Tenable CTO Warns AI Compresses Exploit Timelines to 'Negative Days,' Urges Exposure Management

Tenable CTO Vlad Korsunsky asserts that AI has rendered traditional patching obsolete, advocating for AI-powered exposure management to counter rapidly weaponized vulnerabilities.

Tenable Chief Technology Officer Vlad Korsunsky has issued a stark warning regarding the impact of artificial intelligence on cybersecurity, declaring the traditional patching cycle "obsolete." Speaking at the World Economic Forum's Annual Meeting on Cybersecurity and Tenable's own EXPOSURE 2026 conference, Korsunsky highlighted how advanced AI models are drastically compressing the timeline between vulnerability disclosure and active exploitation, a phenomenon he terms "negative days." This means adversaries are increasingly weaponizing flaws before vendors can even release patches, creating an insurmountable gap for defenders relying on conventional remediation strategies.
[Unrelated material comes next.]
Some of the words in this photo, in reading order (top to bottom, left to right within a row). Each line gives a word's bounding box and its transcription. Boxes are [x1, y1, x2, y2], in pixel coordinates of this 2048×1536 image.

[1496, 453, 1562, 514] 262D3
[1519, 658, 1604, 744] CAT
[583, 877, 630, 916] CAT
Korsunsky emphasized that the current threat landscape demands a fundamental shift away from static Common Vulnerability Scoring System (CVSS) scores. Instead, he advocates for the adoption of AI-powered exposure management. This approach leverages AI to analyze an organization's entire attack surface and prioritize remediation efforts based on real-world exploitability and risk, rather than relying on theoretical severity ratings. The goal is to provide a dynamic, intelligence-driven view of an organization's security posture that can keep pace with the accelerated threat environment.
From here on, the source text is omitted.